Sociedades de economia mista e empresas públicas, que exercem atividades em que não há relação de concorrência com o mercado, à exceção da publicidade legal, não devem gastar com publicidade, em razão da finalidade que possuem, entretanto, pegando-se a empresa Petrobrás como exemplo, conforme dados extraídos do seu próprio site, ela conta com a verba anual de R$ 330 milhões para gastos com publicidade51.

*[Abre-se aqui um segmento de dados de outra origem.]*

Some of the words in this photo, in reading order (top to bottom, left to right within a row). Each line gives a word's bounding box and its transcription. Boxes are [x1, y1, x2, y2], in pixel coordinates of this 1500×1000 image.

Ainda, segundo informações obtidas no site “Contas Abertas”52, em 2017, o Governo Federal gastou R$ 795,8 milhões em publicidade53. Desse montante, R$ 379,4 milhões foram destinados a informações e orientações consideradas de utilidade pública. Com publicidade institucional, que tem por objetivo divulgar informações sobre atos, obras e programas governamentais, o gasto foi de R$ 306,8 milhões. Por fim, R$ 66,3 milhões foram destinados à publicidade legal, que visa à publicação de avisos, balanços, relatórios e outros comunicados que a administração pública é obrigada a divulgar, por força legal.

Ainda segundo referido site, na conta de gastos do governo federal com publicidade, é possível encontrarem-se os serviços “mercadológicos”, para os quais foram aplicados R$ 10 milhões. Esse tipo de propaganda serve para promover produtos e serviços oferecidos por entidades e sociedades controladas pela União que atuam numa relação de concorrência no mercado.

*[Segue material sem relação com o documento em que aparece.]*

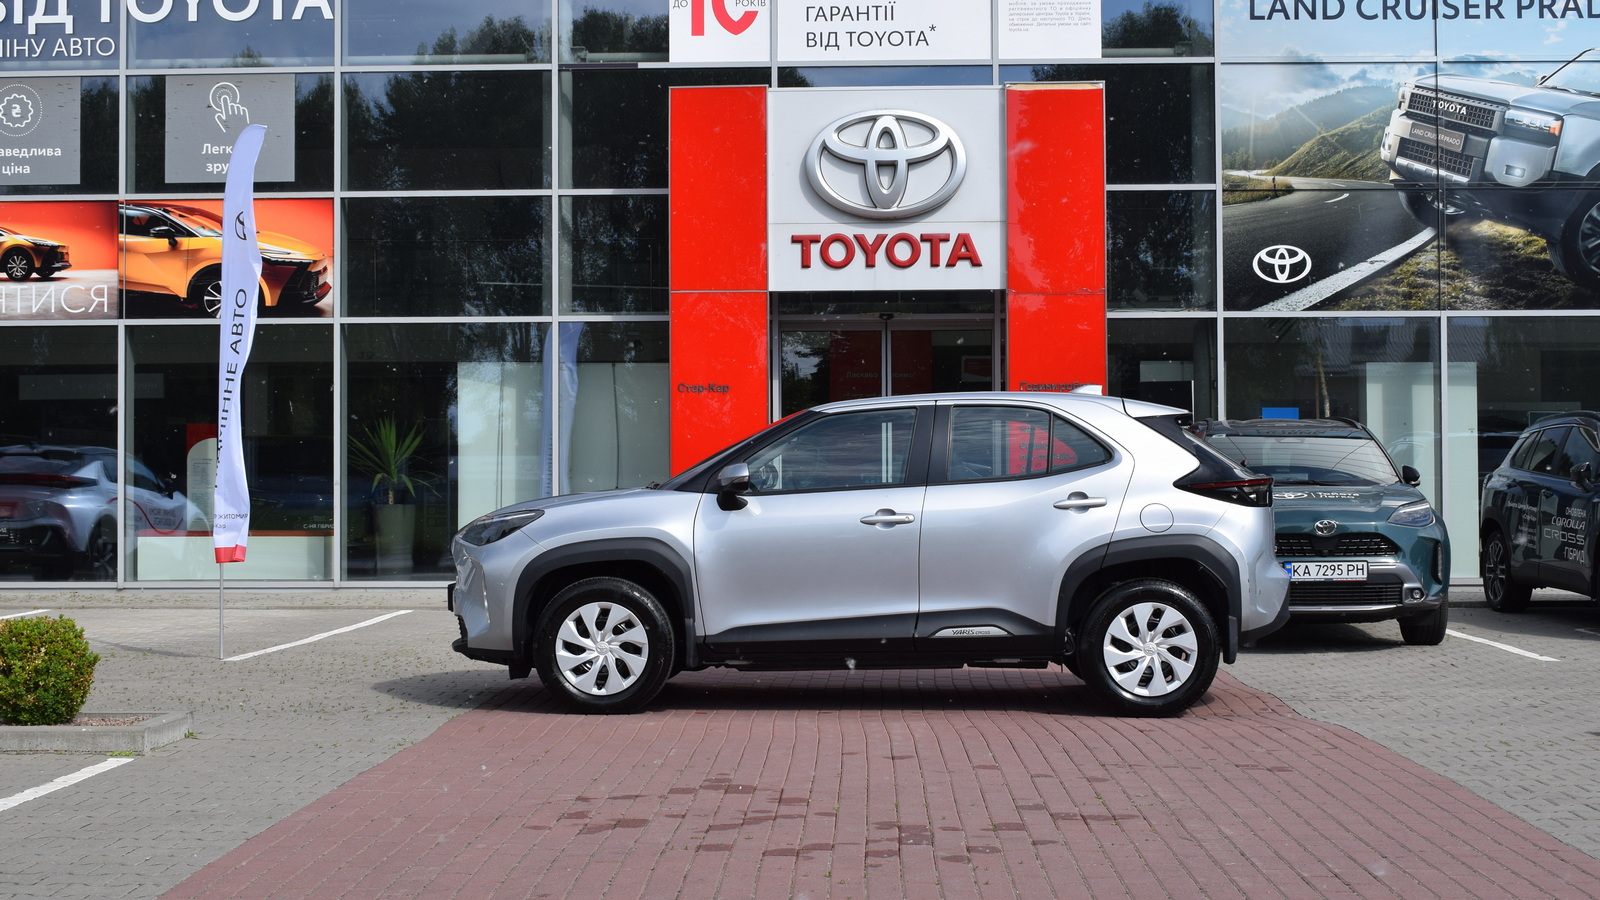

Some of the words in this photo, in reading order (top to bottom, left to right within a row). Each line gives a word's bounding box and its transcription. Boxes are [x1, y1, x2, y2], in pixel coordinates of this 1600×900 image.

[806, 1, 896, 21] ГАРАНТІЇ
[1249, 0, 1345, 21] LAND
[1356, 0, 1506, 20] CRUISER
[0, 38, 46, 58] ІНУ
[52, 37, 115, 56] АВТО
[806, 31, 840, 51] ВІД
[1432, 100, 1467, 115] TOYOTA
[1411, 127, 1424, 136] LAND
[0, 147, 62, 158] аведлива
[201, 143, 233, 154] Легк
[2, 162, 31, 176] ціна
[205, 163, 230, 174] зру
[791, 233, 983, 268] TOYOTA
[229, 288, 248, 355] АВТО
[677, 383, 731, 394] Стар-Кар
[1020, 381, 1058, 392] Години
[218, 512, 249, 520] ЖИТОМИР
[1551, 516, 1586, 531] COROLLA
[1543, 527, 1585, 546] CROSS
[1292, 564, 1312, 577] KA
[1315, 564, 1344, 577] 7295
[1346, 563, 1365, 576] PH
[951, 628, 976, 636] YARIS

Como se vê, do total gasto com publicidade, apenas 8,33% foram gastos com publicidade legal e, por outro lado, um exagero nos gastos com publicidade institucional, a indicar a desproporção nos gastos.

De se concluir, portanto, que o país passa por uma crise de governança e governabilidade e que está intrinsicamente ligada ao modelo de financiamento de campanha eleitoral adotado, sendo medida de rigor a sua alteração.